To do — Every line of the records must be repeated exactly; pictures stay out.

Collected data
......
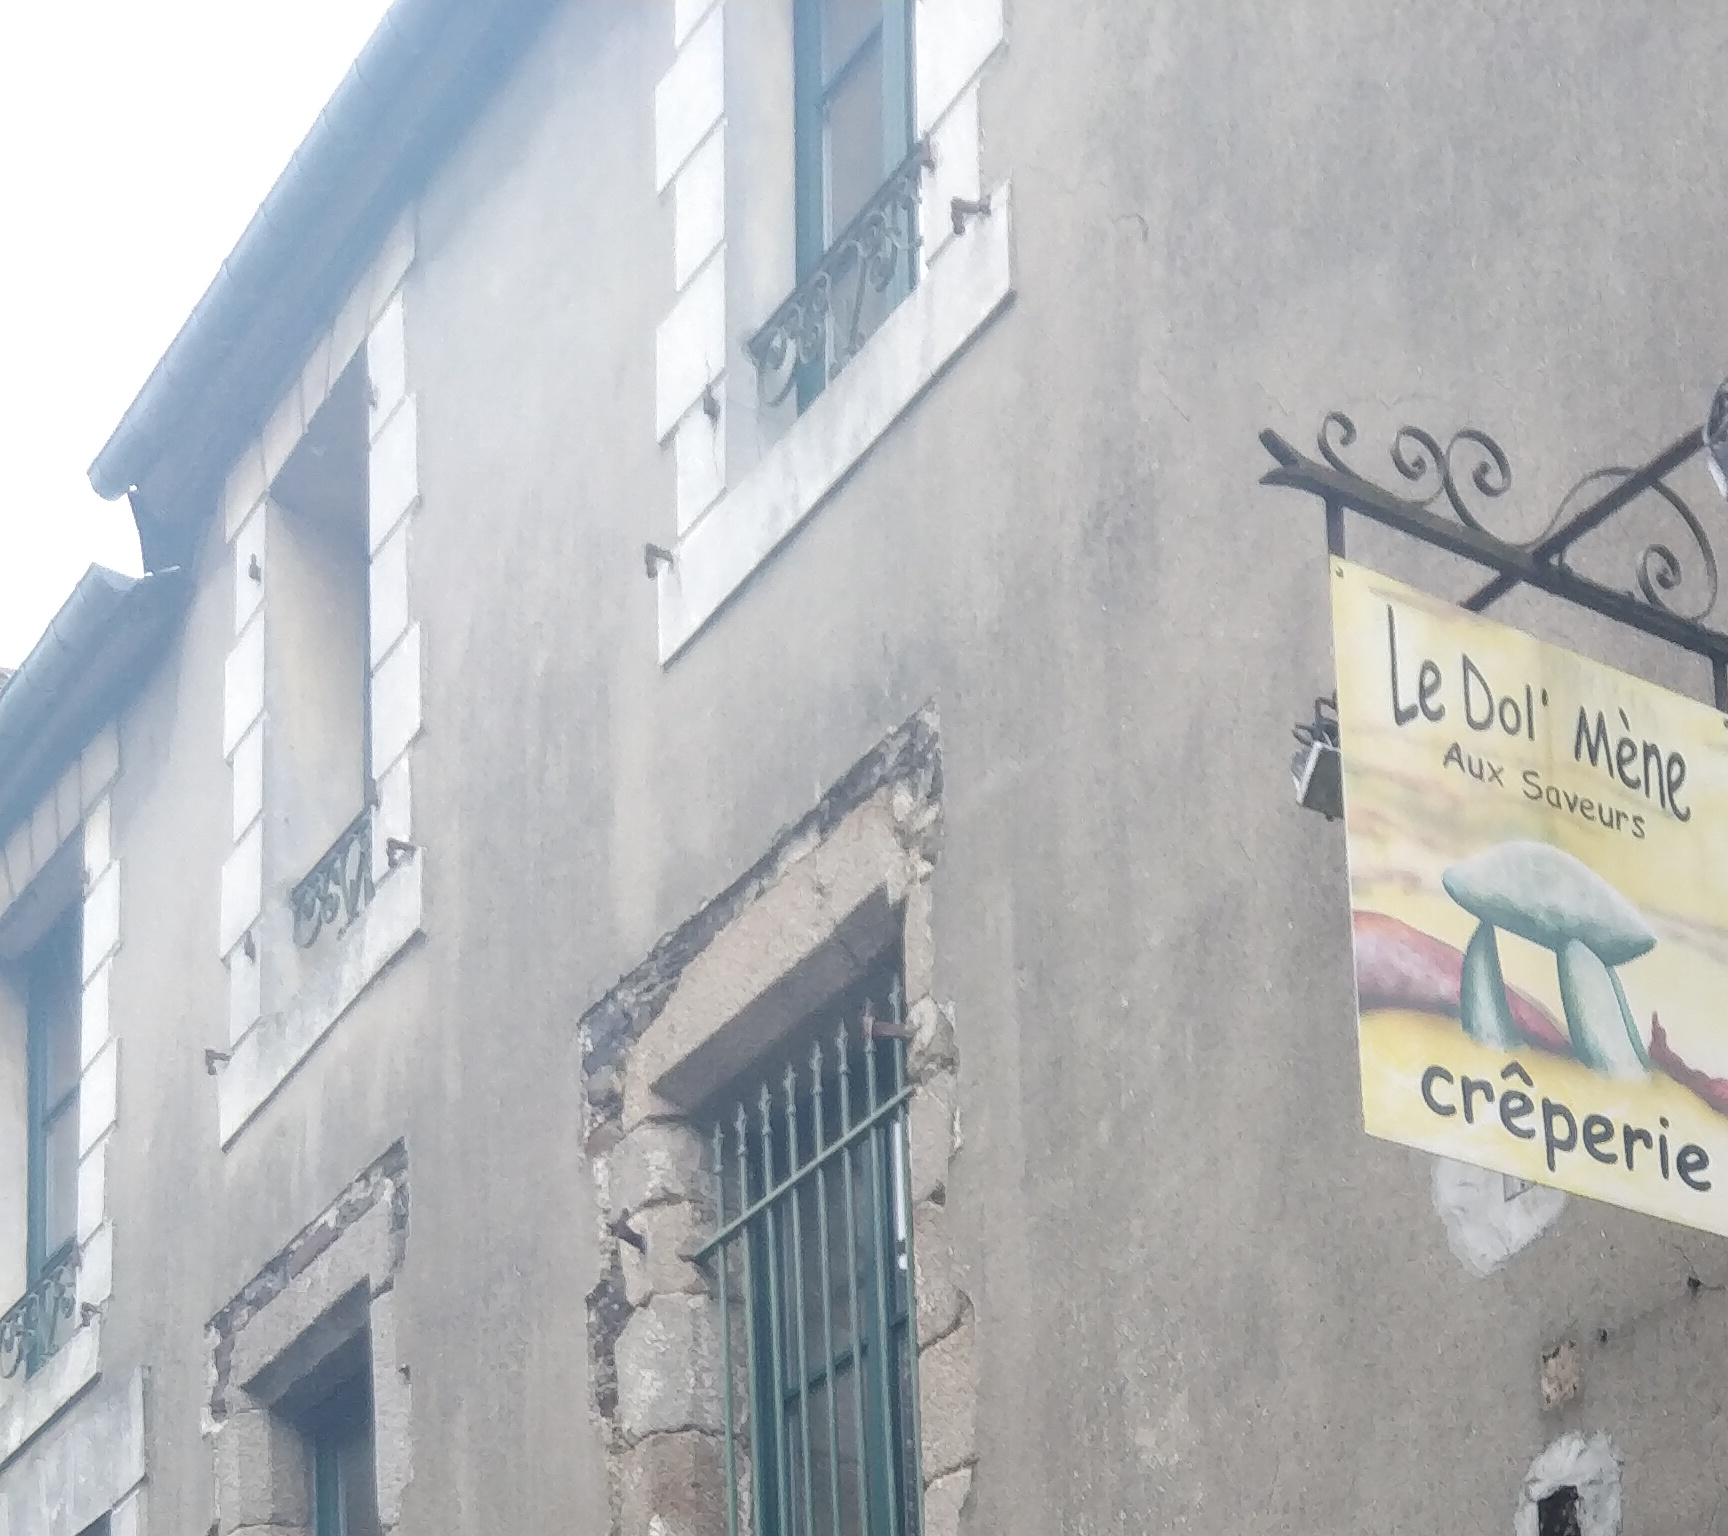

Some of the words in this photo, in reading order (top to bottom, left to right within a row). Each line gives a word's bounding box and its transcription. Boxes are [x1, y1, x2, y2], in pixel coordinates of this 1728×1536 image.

[1387, 604, 1446, 727] Le
[1462, 653, 1549, 741] Dol'
[1574, 705, 1692, 822] Mène
[1443, 742, 1504, 788] Aux
[1522, 770, 1646, 839] Saveurs
[1420, 1061, 1712, 1191] crêperie
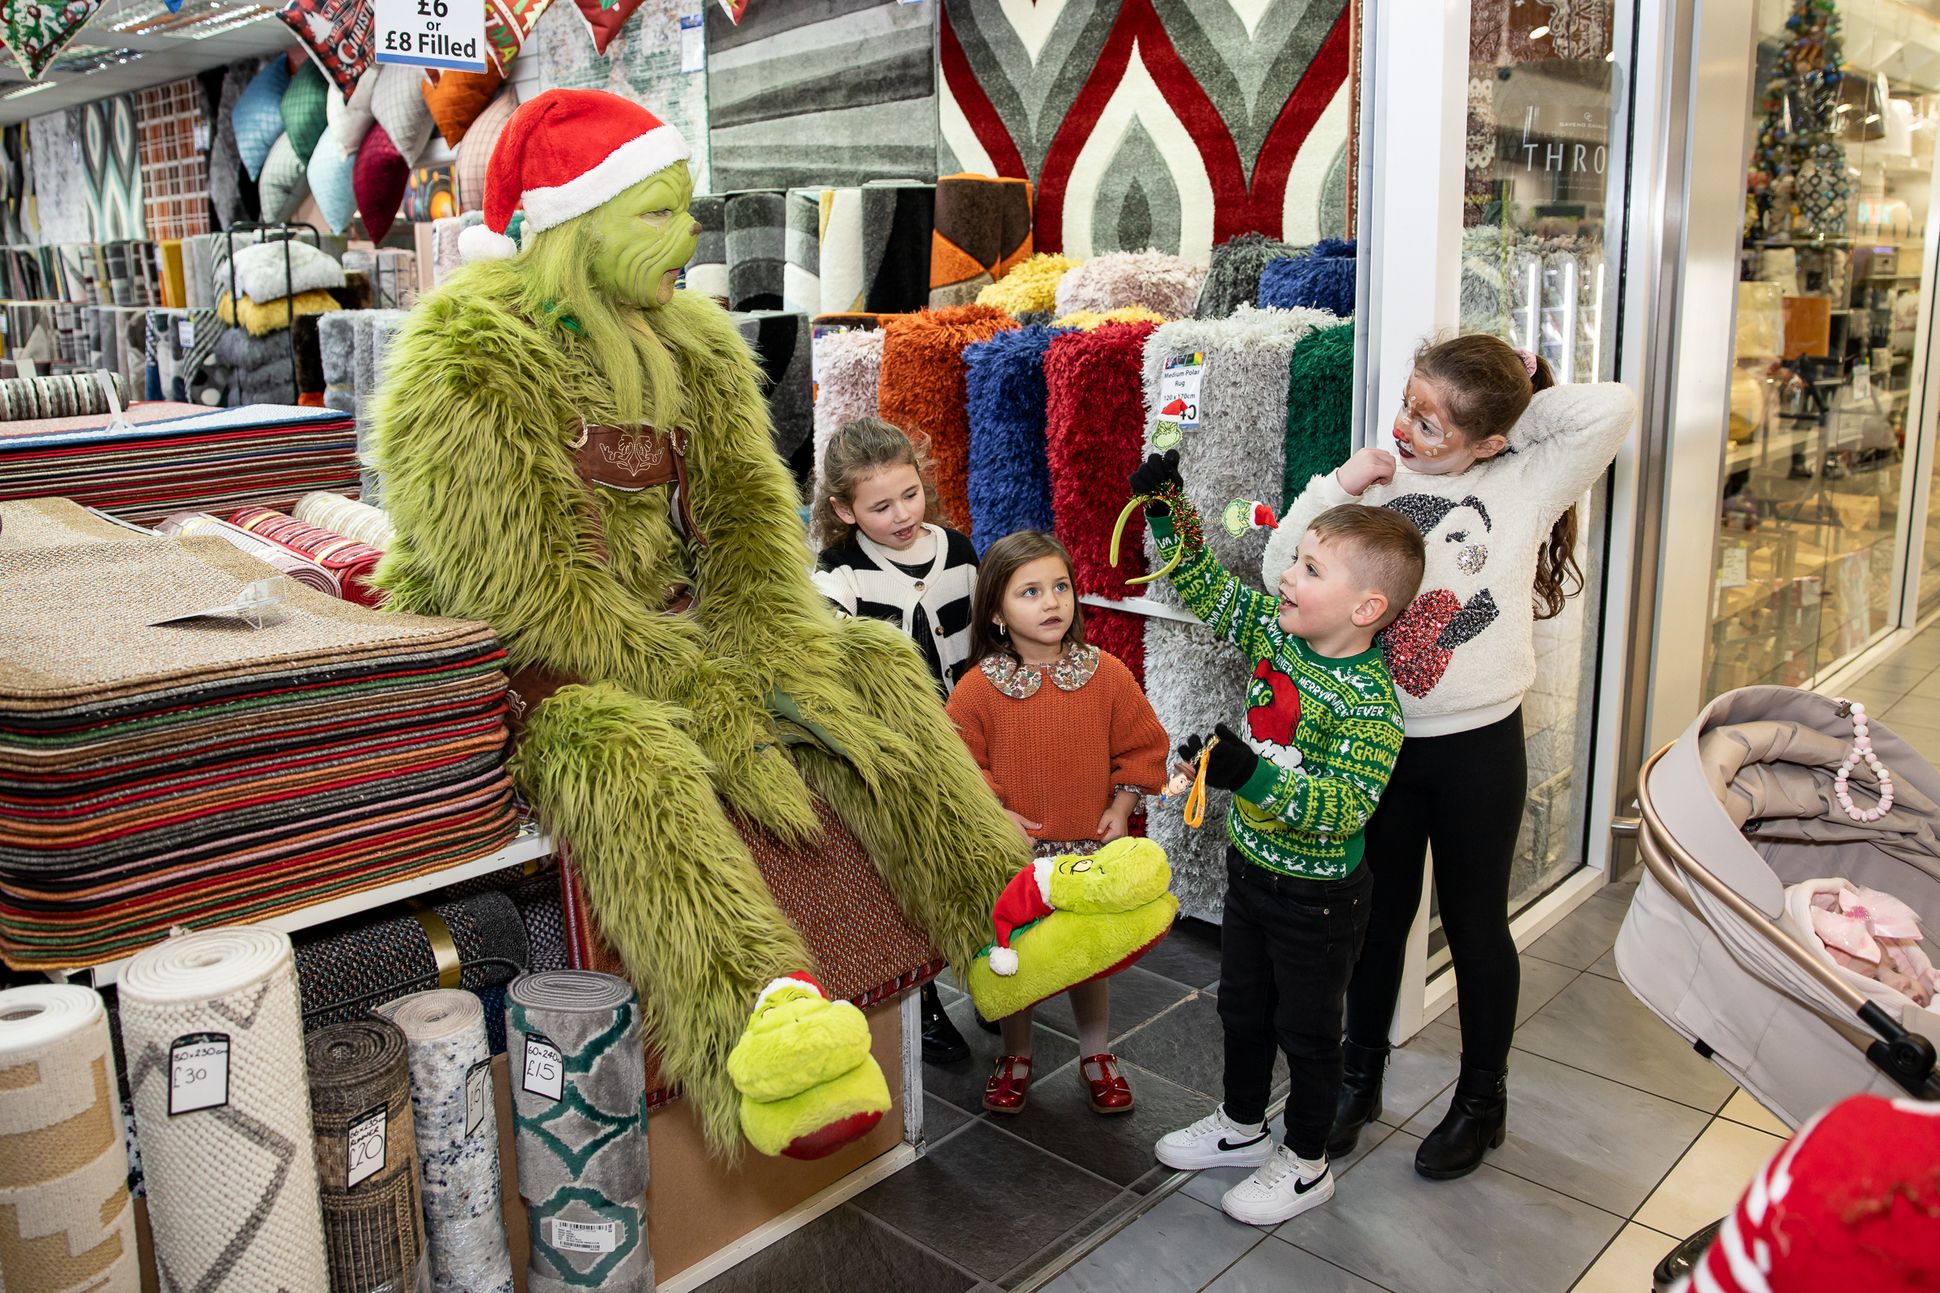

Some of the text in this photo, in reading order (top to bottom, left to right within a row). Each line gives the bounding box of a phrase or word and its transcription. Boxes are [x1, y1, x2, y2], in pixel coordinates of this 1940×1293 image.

[417, 0, 449, 18] £6
[426, 21, 442, 32] or
[385, 30, 412, 52] £8
[418, 33, 477, 58] Filled
[1164, 369, 1200, 379] Medium Polar
[1174, 380, 1186, 388] Rug
[173, 1066, 207, 1088] £30
[526, 1059, 555, 1081] £15
[348, 1134, 384, 1173] £20
......
Exercise solution —
Some of the words in this photo, in reading order (top to bottom, left to right within a row). Each line gives a word's bounding box and its transcription. Boxes are [x1, y1, x2, y2], in pixel coordinates of this 1728×1536 image.

[1387, 604, 1446, 727] Le
[1462, 653, 1549, 741] Dol'
[1574, 705, 1692, 822] Mène
[1443, 742, 1504, 788] Aux
[1522, 770, 1646, 839] Saveurs
[1420, 1061, 1712, 1191] crêperie

Some of the text in this photo, in reading order (top to bottom, left to right within a row). Each line gives the bounding box of a phrase or word and its transcription. Boxes are [x1, y1, x2, y2], in pixel coordinates of this 1940×1293 image.

[417, 0, 449, 18] £6
[426, 21, 442, 32] or
[385, 30, 412, 52] £8
[418, 33, 477, 58] Filled
[1164, 369, 1200, 379] Medium Polar
[1174, 380, 1186, 388] Rug
[173, 1066, 207, 1088] £30
[526, 1059, 555, 1081] £15
[348, 1134, 384, 1173] £20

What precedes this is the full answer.